Il leur fallut faire un effort démentiel, surhumain, pour gravir cette côte avoisinant les cent pour cent de dénivelé.
- Encore… un … effort… ! Déclara Jack en se tenant contre les barrières pour grimper.
Raiponce glissa et se rattrapa à un poteau pour éviter la chute vers les profondeurs.
- Raiponce !
- Avance ! Continue ! Je reste derrière toi !
Jack secoua la tête et attendit qu'elle remonte en attrapant sa main pour la ramener à lui.
- Je ne te quitte pas des yeux ! Déclara l'argenté. Je ne veux plus perdre personne !
Pas après pas, le trio se retrouva à mi-parcours, regardant le canot qui descendait par à-coups. Jack avait les yeux rivés sur l'embarcation, en transe. Il utilisa son bras valide pour faire avancer Cassandra et cria de toutes ses forces en tirant que la blonde. Alors il poussa, encore et encore pour que son amie avance, se resserrant contre les barreaux. Main dans la main avec la blonde il la hissa et la retint de dévaler la pente alors qu'elle usait de ses maigres forces pour se raccrocher aux piliers et aux cordages. Son genou la lançait affreusement. Elle se demandait comment il pouvait encore être en état de marche vu sa couleur violacée !
- Laissez-moi… Je vous ralentis, Haleta Cassandra. Laissez-moi rejoindre Varian. Vous n'avez pas besoin de moi…
- Tais-toi ! Hurla la blonde. Moi j'ai besoin de toi ma sœur ! Je ne veux pas te perdre par ma faute ! Tu es ma dernière famille !

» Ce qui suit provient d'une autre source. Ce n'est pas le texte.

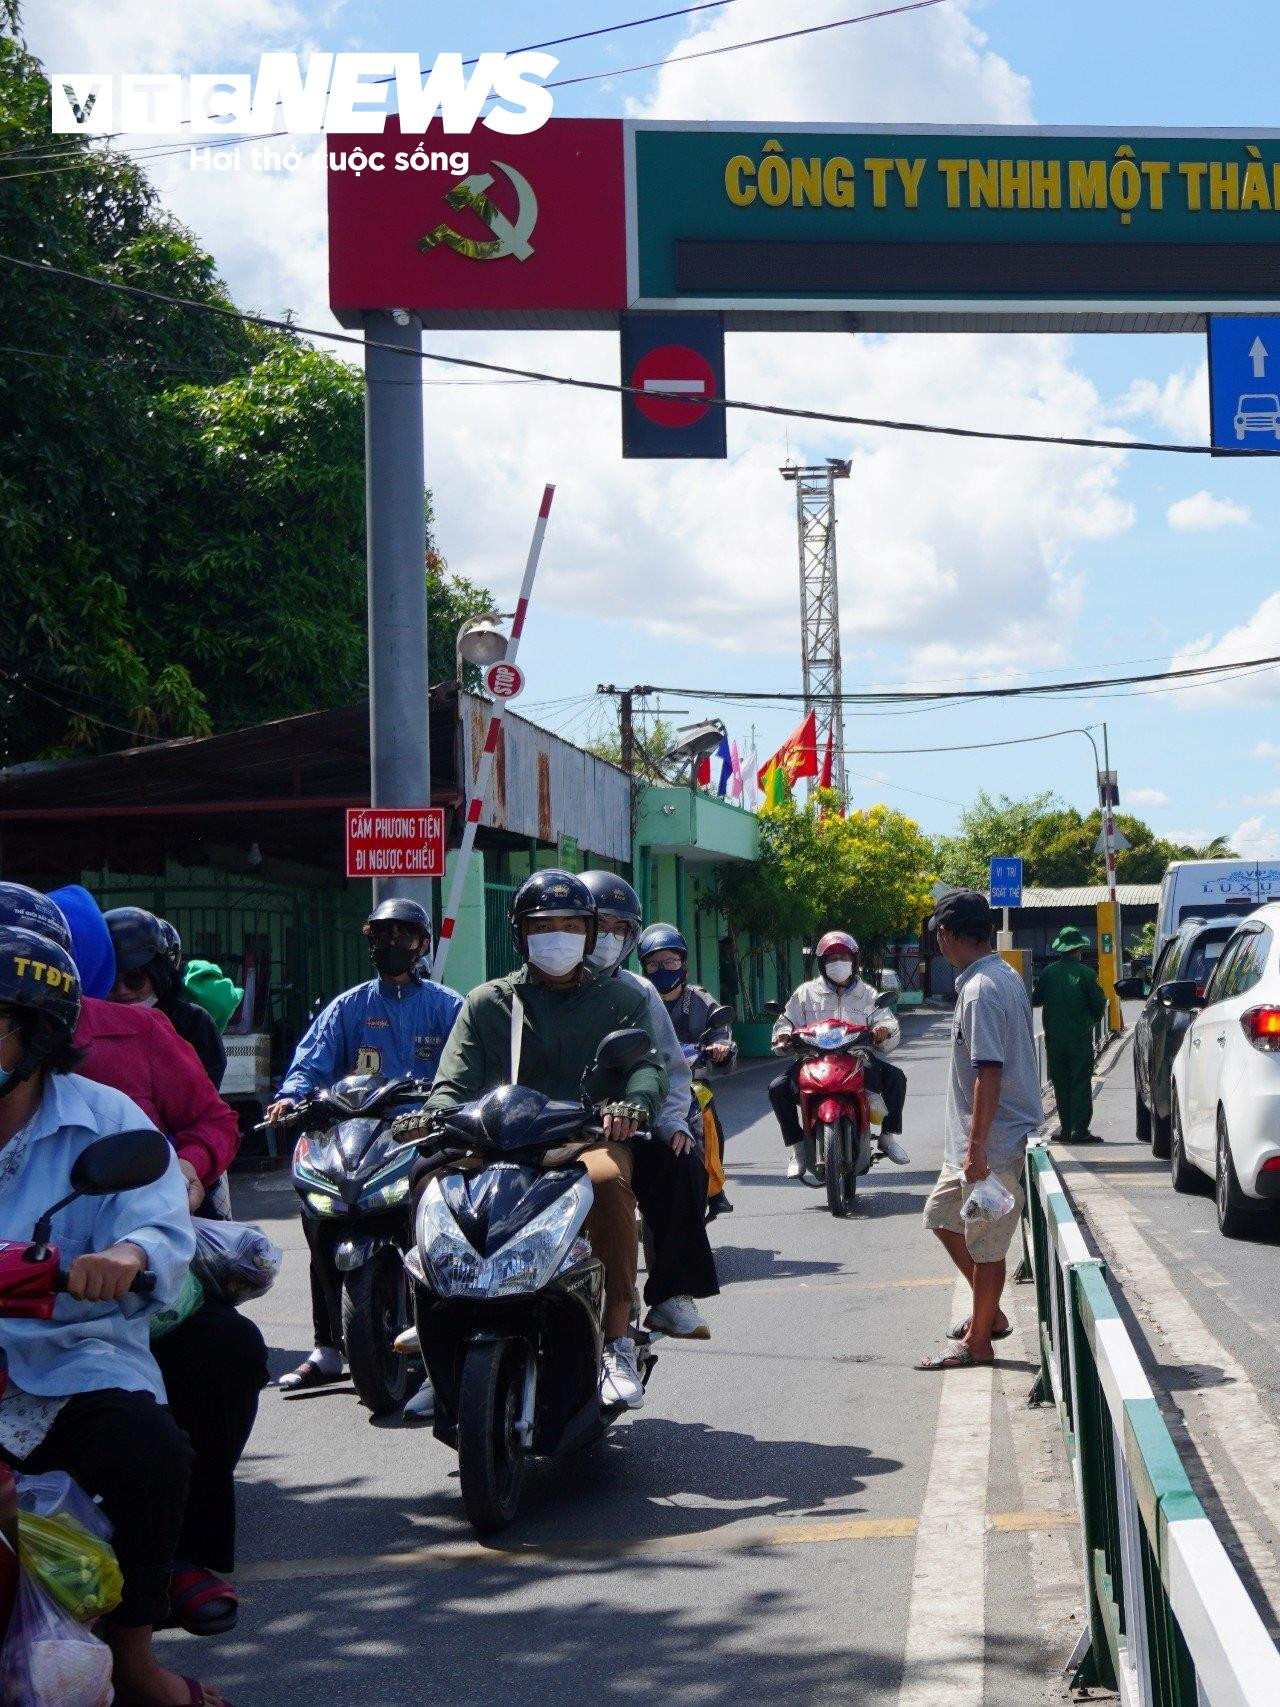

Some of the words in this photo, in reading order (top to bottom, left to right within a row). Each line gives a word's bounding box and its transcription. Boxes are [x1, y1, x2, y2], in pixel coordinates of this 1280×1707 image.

[725, 139, 855, 209] CÔNG
[864, 158, 926, 209] TY
[937, 158, 1062, 210] TNHH
[1068, 144, 1171, 226] MỘT
[493, 666, 516, 696] STOP
[351, 811, 372, 839] CẤM
[375, 816, 416, 839] PHƯƠNG
[418, 813, 441, 842] TIỆN
[355, 848, 367, 871] ĐI
[368, 847, 403, 874] NGƯỢC
[405, 841, 435, 870] CHIỀU
[1245, 869, 1267, 877] VIP
[13, 956, 74, 993] TTĐT
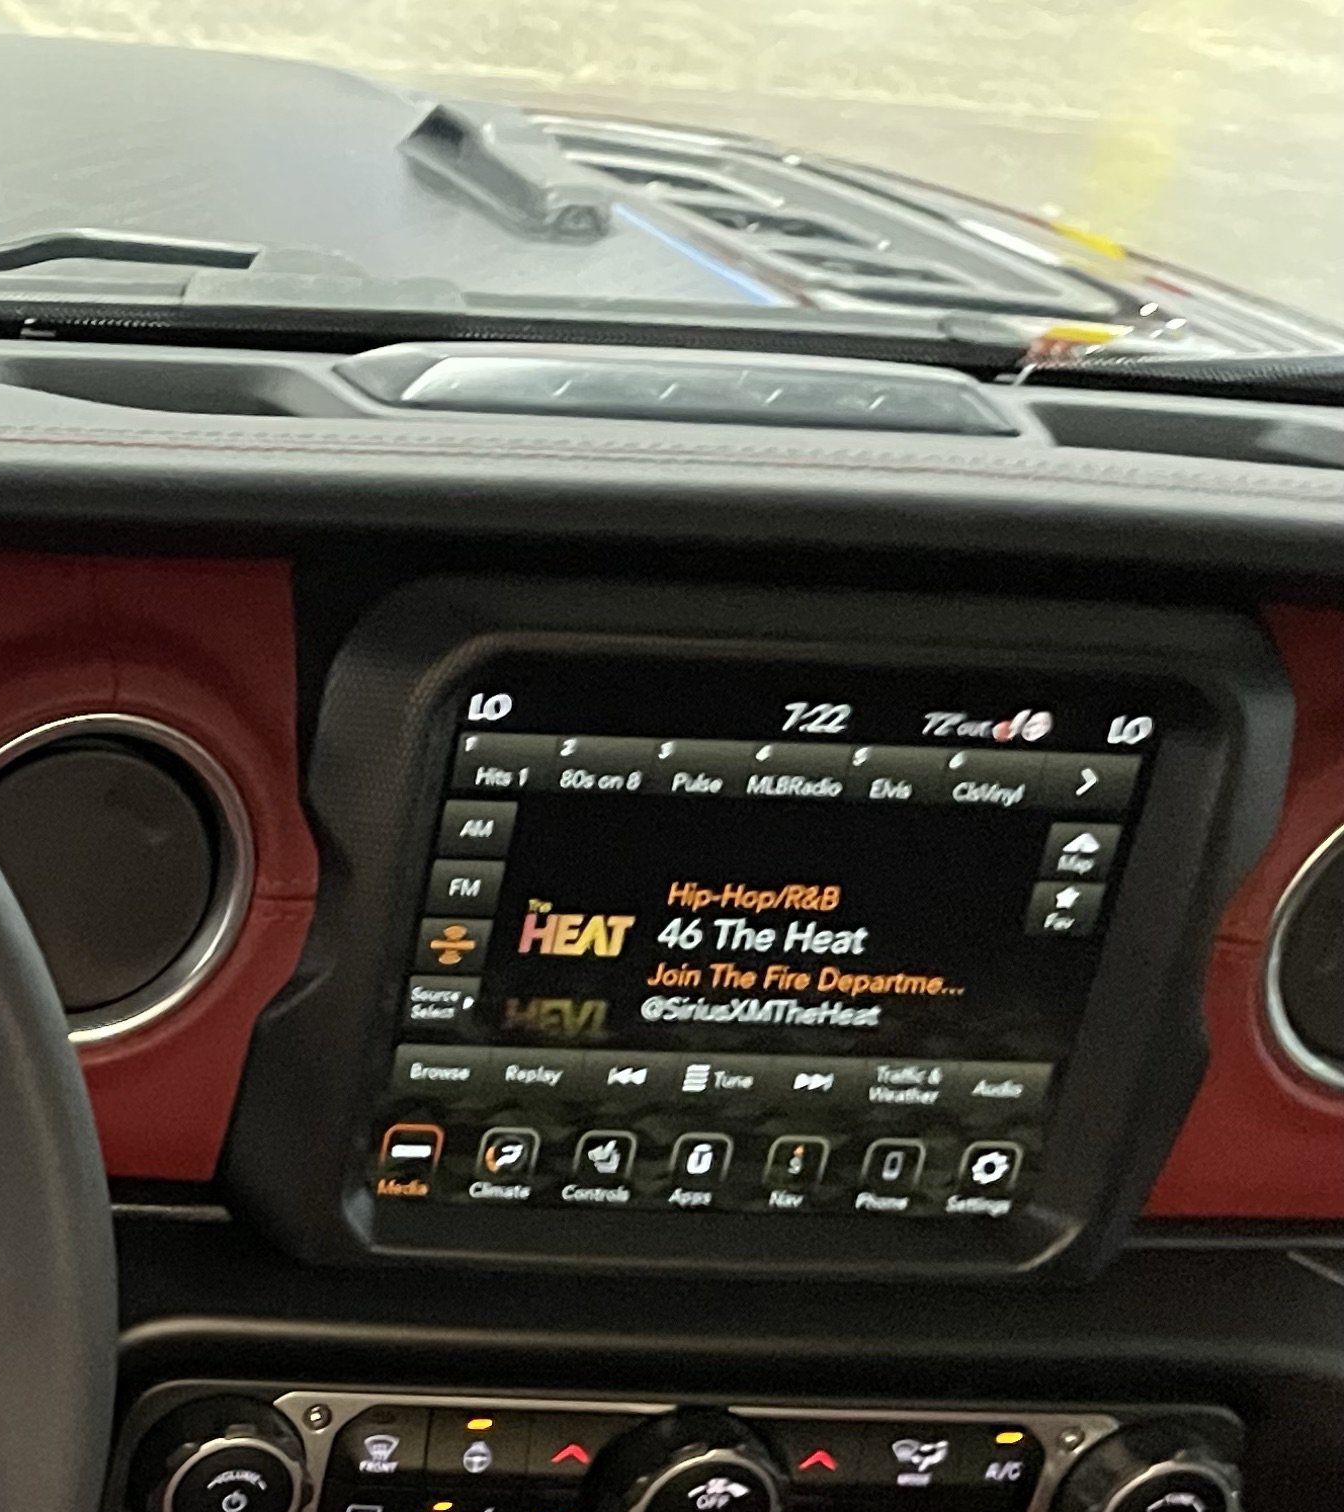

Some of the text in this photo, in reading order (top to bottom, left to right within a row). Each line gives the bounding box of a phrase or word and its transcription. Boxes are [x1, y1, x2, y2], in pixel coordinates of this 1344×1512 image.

[468, 693, 512, 721] LO
[781, 701, 853, 734] 7:22
[1107, 715, 1153, 745] LO
[465, 736, 478, 752] 1
[560, 738, 578, 756] 2
[475, 767, 531, 787] Hits 1
[559, 769, 643, 791] 80s on 8
[672, 772, 723, 794] Pulse
[746, 774, 843, 798] MLBRadio
[869, 778, 912, 800] Elvis
[460, 819, 495, 837] AM
[448, 878, 482, 897] FM
[666, 880, 841, 914] Hip-Hop/R&B
[518, 914, 636, 957] HEAT
[657, 917, 869, 956] 46 The Heat
[646, 963, 966, 997] Join The Fire Departme...
[410, 985, 461, 1002] Source
[640, 995, 883, 1026] @SiriusXMTheHeat
[410, 1061, 471, 1080] Browse
[504, 1064, 563, 1087] Replay
[714, 1070, 754, 1090] Tune
[869, 1086, 940, 1104] Weather
[971, 1079, 1024, 1099] Audio
[376, 1178, 430, 1196] Media
[469, 1181, 531, 1200] Climate
[562, 1184, 630, 1202] Controls
[668, 1188, 712, 1207] Apps
[769, 1190, 804, 1208] Nav
[359, 1460, 399, 1473] FRONT
[985, 1460, 1024, 1482] A/C
[696, 1493, 731, 1511] OFF

- Je te laisserai pas, répondit Jack catégorique. Tu vivras ! Tu le mérites plus que quiconque !
- Jack… Raip'…
Cassandra remarqua des larmes dévorer ses joues tandis qu'elle sentait le corps de Jack la maintenir avec force et amour. Bientôt ce fut le bras de Raiponce qui la conduisit vers les hauteurs. Ils étaient tous deux d'une grande chaleur pour elle.

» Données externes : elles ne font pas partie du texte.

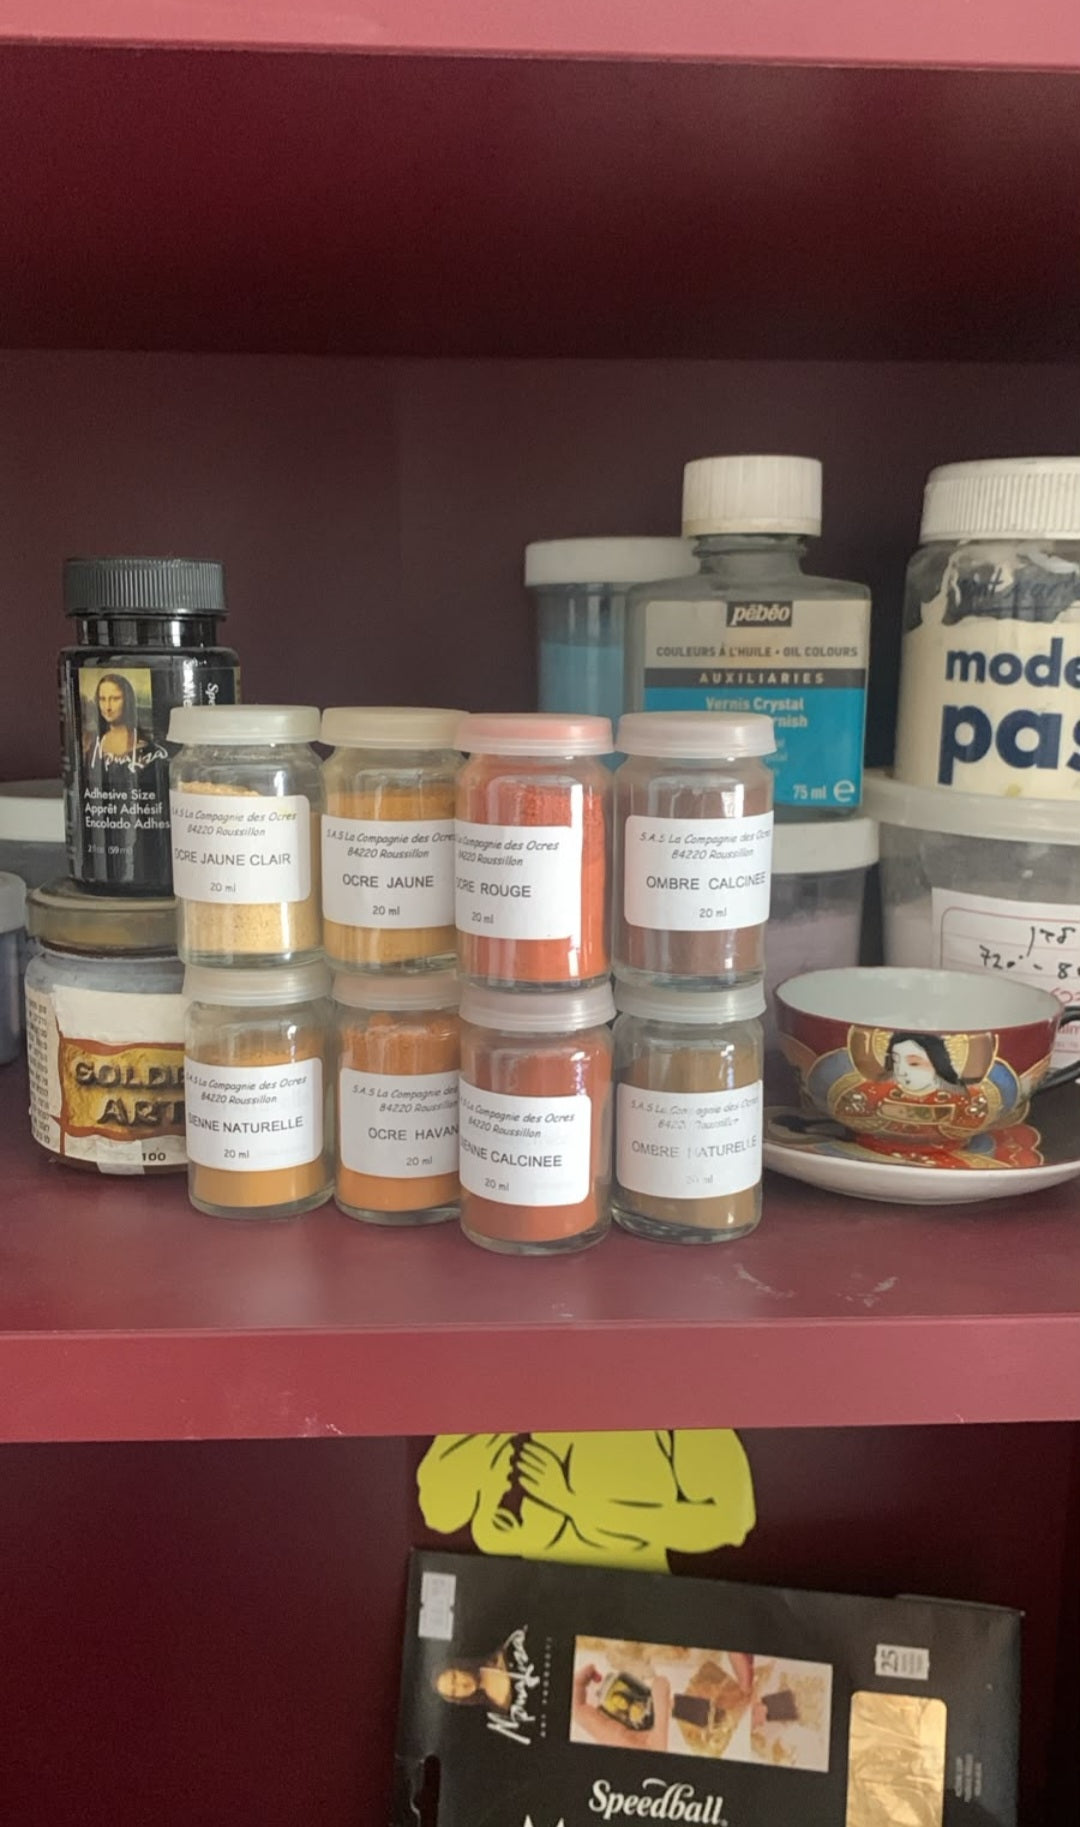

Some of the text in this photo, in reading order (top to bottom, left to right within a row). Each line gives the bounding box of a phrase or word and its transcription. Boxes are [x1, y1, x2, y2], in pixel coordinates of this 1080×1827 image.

- Je vous aime tellement, balança la brunette quand, enfin, elle atteignit les poulies du canot.
Jack lui sourit et regarda Raiponce se retenir au bastingage vernis. Les deux filles s'accrochèrent comme des moules à un rocher tout en regardant, plus bas, l'embarcation faire de lents mouvements pour rejoindre l'océan.
- THIANA !
La steward releva aussitôt ses prunelles colorées pour les poser sur ses amis. Un cri de stupeur et des larmes explosèrent sur son visage avant de stopper la poulie et de crier à Sandy de faire de même. Remonter serait impossible à cause des cordages abimés.

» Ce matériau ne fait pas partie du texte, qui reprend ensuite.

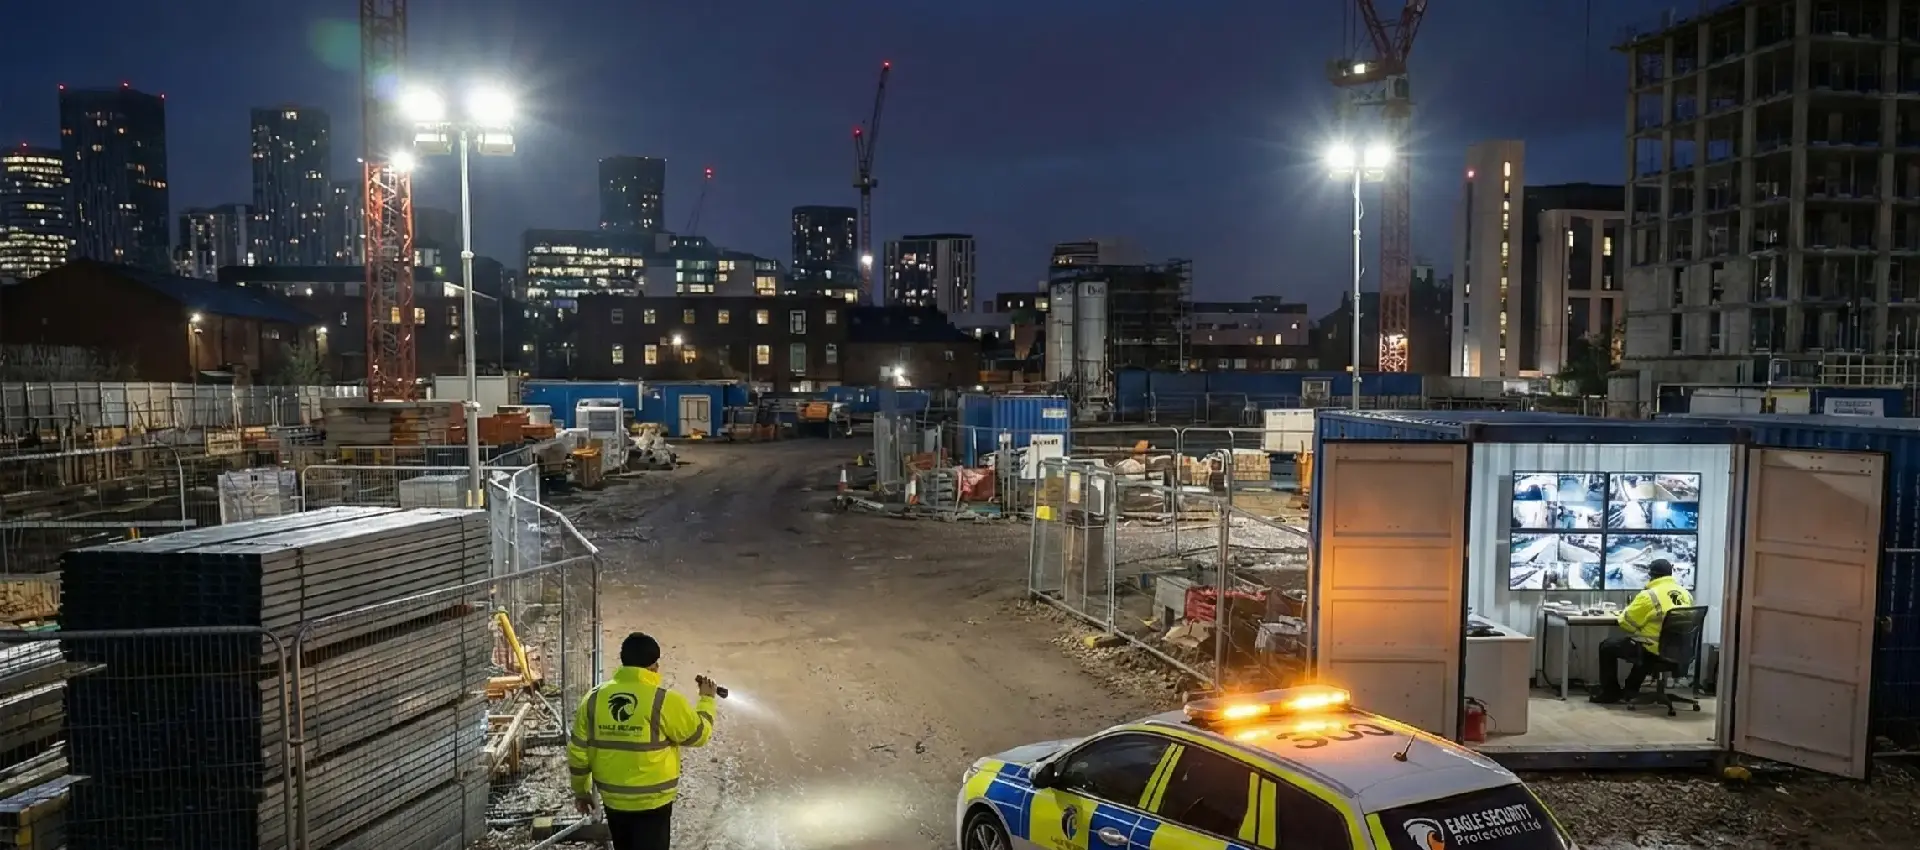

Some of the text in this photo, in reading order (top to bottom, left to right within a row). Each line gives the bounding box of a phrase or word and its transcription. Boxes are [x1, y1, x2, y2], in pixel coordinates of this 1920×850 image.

[1445, 804, 1532, 835] EAGLE SECURITY
[1456, 818, 1542, 846] Protection Ltd

- Sautez ! Vite ! Ça va bientôt lâcher !
« Venez ! »
Cassandra ne s'en sentait pas la force. Elle regarda le gouffre entre leur position et le but d'arrivée. Impossible, elle allait rater son coup. Soudain, un choc arrière la fit se soulever par-dessus bord et pousser puissamment vers l'océan. Le regard incrédule, elle vit Jack la renverser vers le canot tandis qu'il souriait. Elle crut revoir Varian l'espace d'un instant et sentit son cœur rater un battement. Elle hurla pendant la chute et se fit attraper par les deux matelots qui s'étalèrent ensemble.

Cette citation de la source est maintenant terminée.